Up-regulation of PK11195 binding in areas of axonal degeneration coincides with early microglial activation in mouse brain - PubMed (original) (raw)

Up-regulation of PK11195 binding in areas of axonal degeneration coincides with early microglial activation in mouse brain

Mads D Pedersen et al. Eur J Neurosci. 2006 Aug.

Abstract

Increased binding of the peripheral benzodiazepine binding site (PBBS) ligand [(3)H]PK11195 in the central nervous system of patients suffering from acute and chronic neuropathology has been associated with reactive microgliosis. However, it remains uncertain which stages of microglial activation occur in conjunction with the increased [(3)H]PK11195 binding. We used quantitative autoradiography for [(3)H]PK11195 and quantitative polymerase chain reaction for PBBS mRNA and markers of early and late microglial activation to investigate the time-course of cellular responses in the hippocampus of mice with degeneration of the entorhinal-hippocampal perforant path. The axonal lesion evoked an increase in the B(max) for [(3)H]PK11195 in hippocampus which peaked at 2 days post-lesion, remained elevated at day 5 and began to decline at 10 days post-lesion. These changes occurred in the absence of significant changes in affinity in vitro. Quantitative polymerase chain reaction analysis of isolated hippocampi using exon-specific primers indicated the presence of several splice variants of PBBS mRNA, which appeared to be affected differentially by the lesion.

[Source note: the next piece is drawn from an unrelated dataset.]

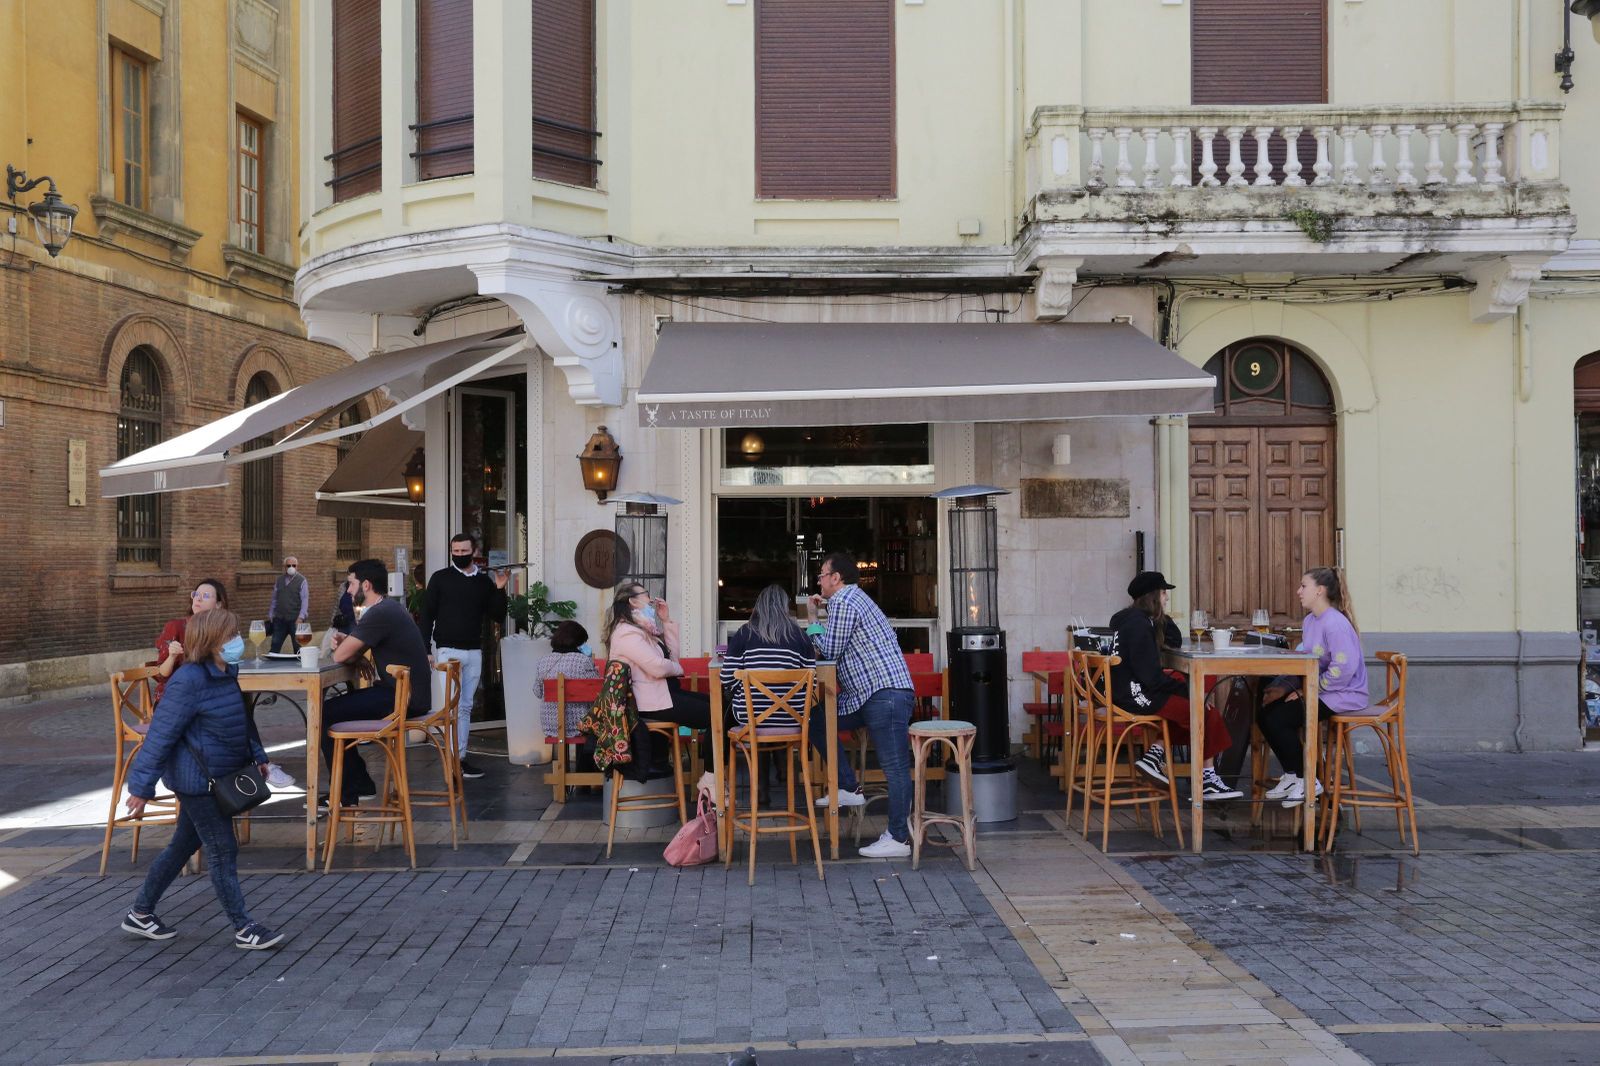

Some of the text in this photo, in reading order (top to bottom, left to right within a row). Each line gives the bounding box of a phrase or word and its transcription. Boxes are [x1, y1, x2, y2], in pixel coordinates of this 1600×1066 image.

The changes in PBBS mRNA and CD11b mRNA levels correlated with the B(max) for [(3)H]PK11195 during 10 days post-lesion, suggesting that microglial activation couples with increases in mRNA levels for these markers. In addition, the onset of changes in PBBS mRNA levels coincided with the significantly elevated tumor necrosis factor mRNA levels present during early microglial activation at 2 days post-lesion. We conclude that up-regulation of [(3)H]PK11195 binding and PBBS mRNA levels coincided with early microglial activation, characterized by concomitantly increased microglial tumor necrosis factor mRNA levels, and persisted throughout the period with reactive microgliosis.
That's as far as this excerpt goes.